People with this condition may experience symptoms such as stomachache, tiredness ,  hair loss, mouth sores, in addition to the common symptoms of anemia, such as dizziness , weakness, dryness of the mucous membranes and pallor.

Pernicious anemia

The  pernicious anemia  is a type of megaloblastic anemia, which occurs when there is the absence of intrinsic factor (a substance produced by the stomach that aids in the digestion of food and B12 absorption in the gut).

Without the vitamin, red blood cells are produced incorrectly, dying prematurely, configuring the anemic condition.

Autoimmune factors, overuse of antacids, bariatric surgery or gastric changes may be responsible for the manifestation of the pernicious type.

Hemolytic anemias

There are different forms of hemolytic anemia, but it is characterized by the difficulty of the bone marrow in producing red blood cells that, for different reasons, are being destroyed before the appropriate time.

This can happen due to certain infectious, autoimmune, genetic or hereditary diseases, such as hereditary spherocytosis (abnormal shape of red blood cells) and the deficiency of Glucose 6 Phosphate Dehydrogenase or G6PD (which facilitates the rupture of red blood cells), for example.

In the case of autoimmune hemolytic anemia, the patient’s own immune system understands red blood cells as invaders. Thus, they produce antibodies that attack and destroy them ahead of time.

In this type, treatment depends on the cause. In autoimmune manifestation, for example, treatment with drugs that inhibit the immune system may be necessary.

Anemia of the newborn

Newborns can also suffer from anemia. The main cause of this type of problem is a disease called  fetal erythroblastosis , or Rh incompatibility.

Rh, or Rh factor, is an antigen present in the blood, which receives a positive or negative classification.
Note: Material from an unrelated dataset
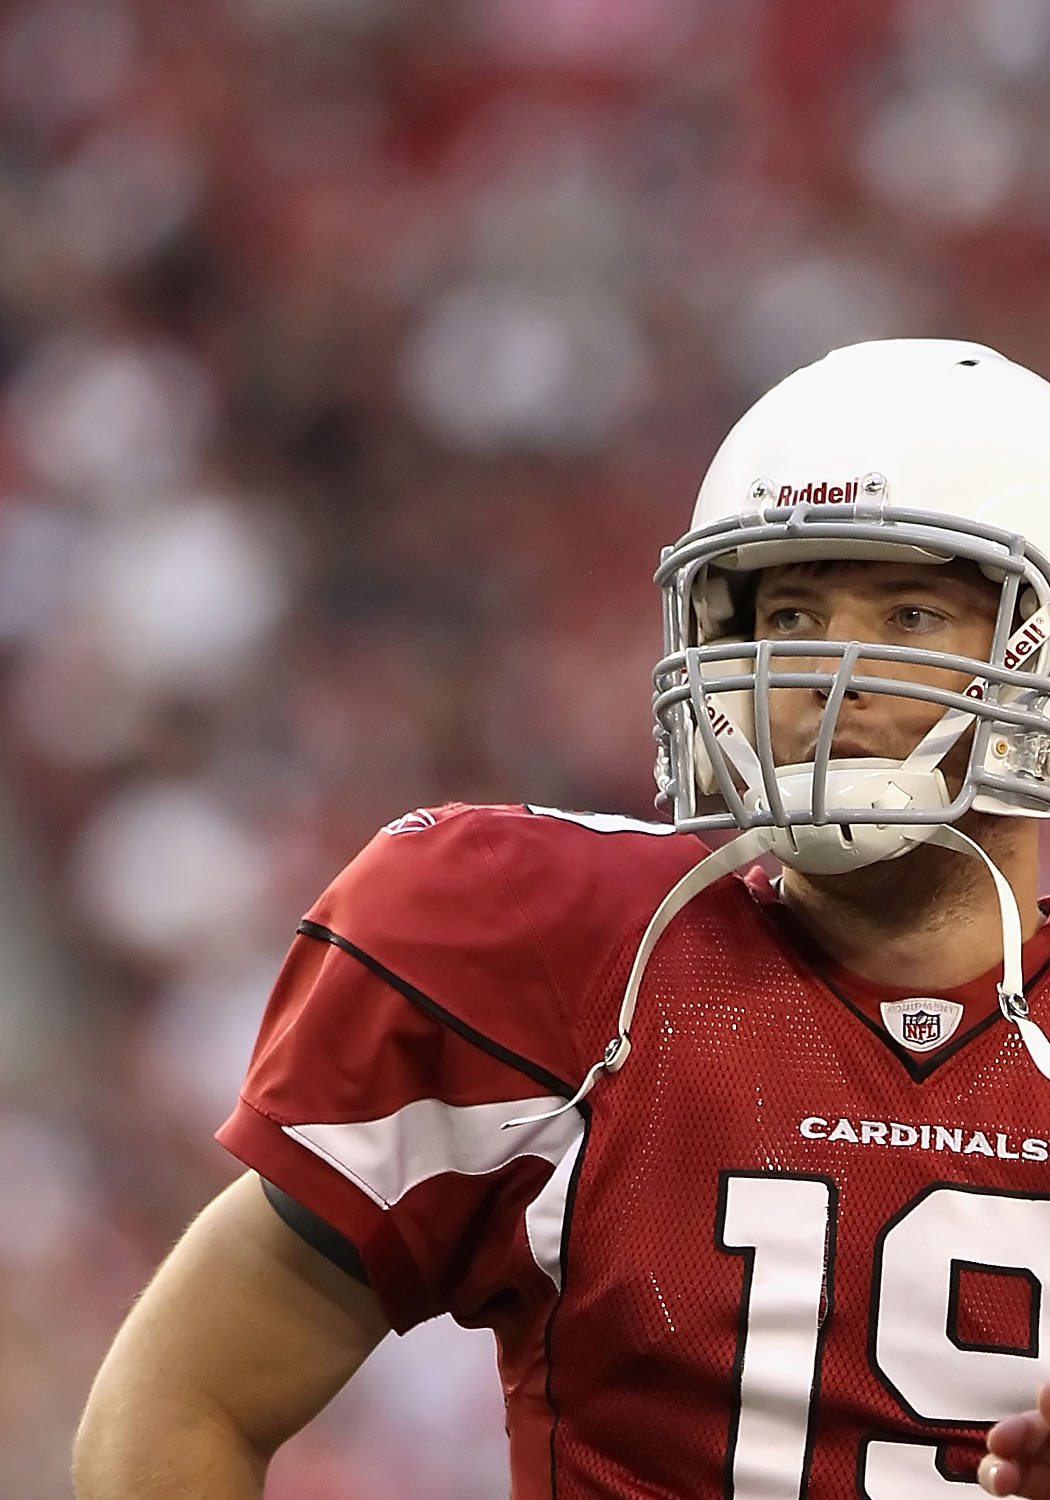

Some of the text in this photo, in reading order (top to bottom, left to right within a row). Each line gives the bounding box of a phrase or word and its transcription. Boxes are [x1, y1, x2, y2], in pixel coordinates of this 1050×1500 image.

[776, 482, 859, 507] Riddell
[906, 1023, 937, 1041] NFL
[799, 1115, 1050, 1163] CARDINALS
When someone has the antigen naturally it is considered Rh + (positive). People who do not have this Rh factor naturally are classified as Rh- (negative).

When the baby’s positive Rh comes in contact with the mother’s negative Rh, the pregnant woman’s immune system may end up producing antibodies to defend herself against these antigens from the fetus, by understanding them as foreign bodies.
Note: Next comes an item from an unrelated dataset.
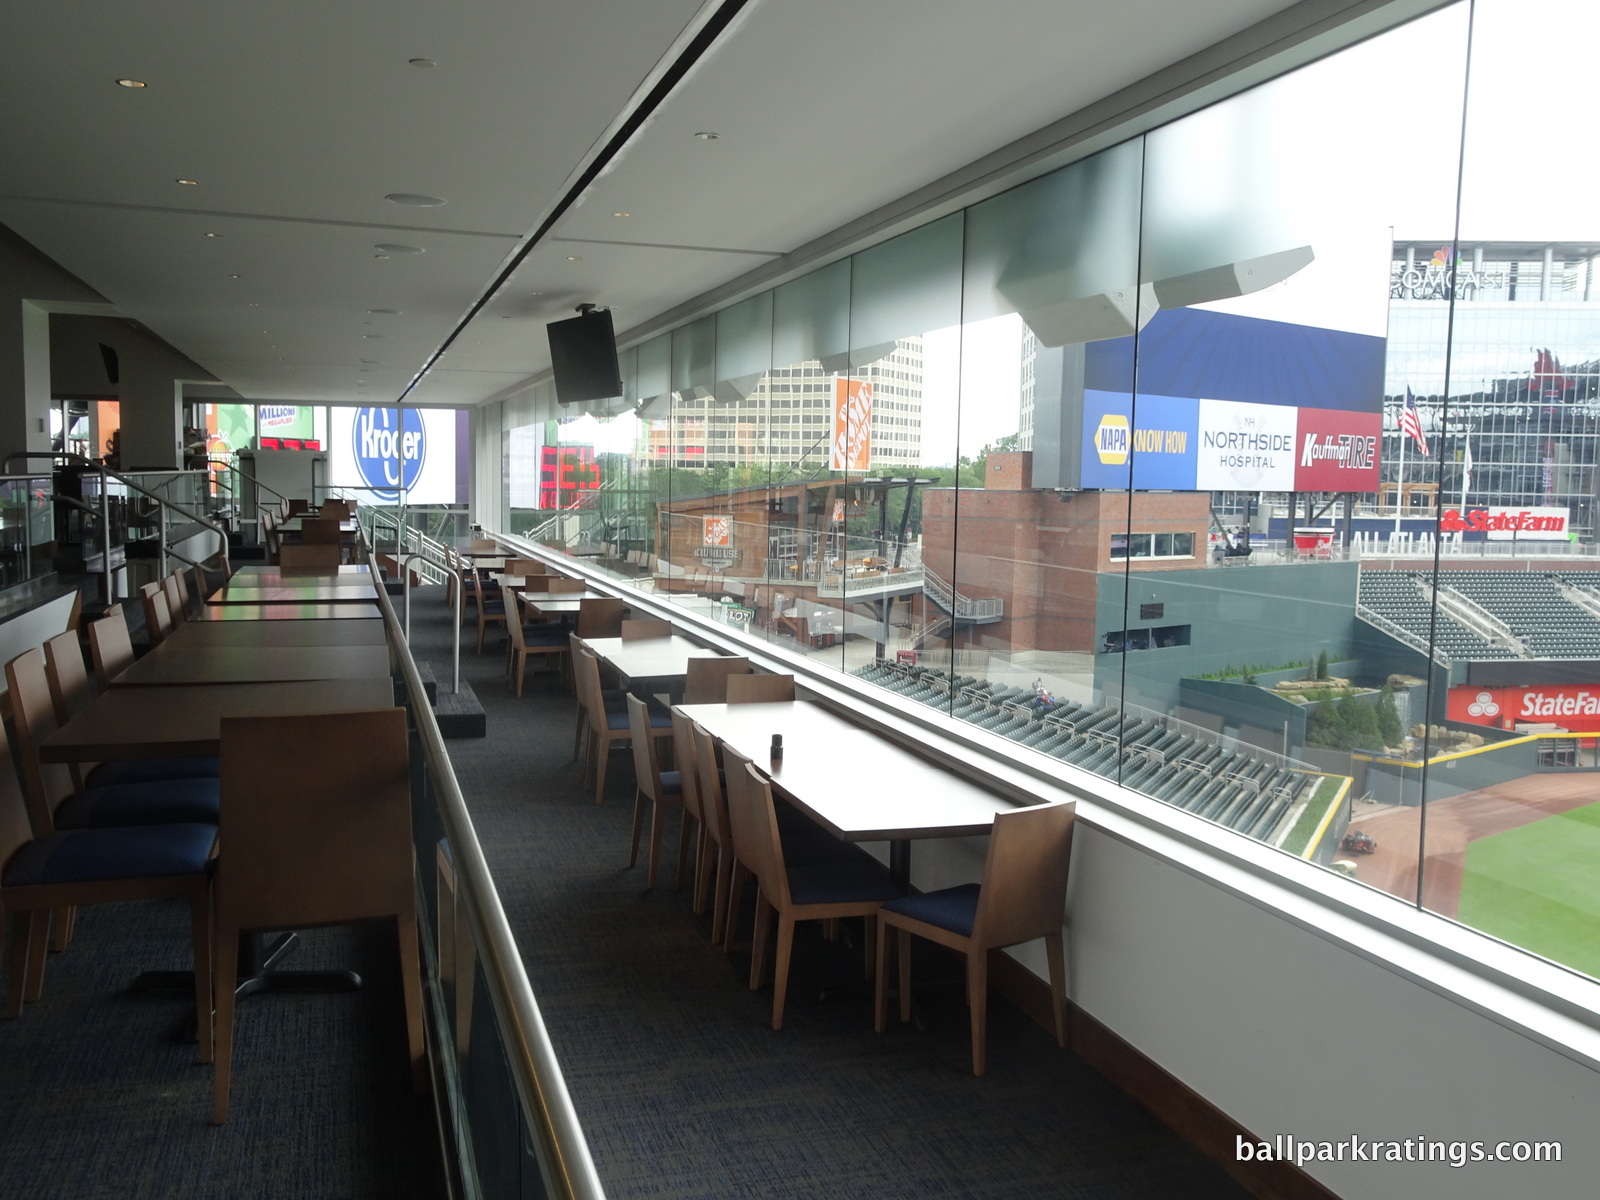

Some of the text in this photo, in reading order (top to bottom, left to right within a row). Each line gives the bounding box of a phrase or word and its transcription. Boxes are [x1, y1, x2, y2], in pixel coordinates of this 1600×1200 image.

This defense system reaction is called  Rh awareness .

Because of this conflict between the mother’s and baby’s antigens, the newborn can suffer from anemia, because antibodies can cross the placenta to the fetus, causing the destruction of red blood cells.

To defend against this anemia, the newborn’s body reacts by producing immature red blood cells, called erythroblasts. This is a condition that can pose serious risks to the baby’s health.

This Rh incompatibility rarely causes problems during the first pregnancy. However, by becoming more aware, the risks in future pregnancies are greater.

Anemia due to chronic diseases

It can be caused by the presence of autoimmune diseases ,  cancer , infectious diseases, chronic kidney failure and other pathologies such as  HIV / AIDS ,  rheumatoid arthritis  and  Crohn’s disease .

Under these conditions, patients are at a greater risk of having a low production of red blood cells.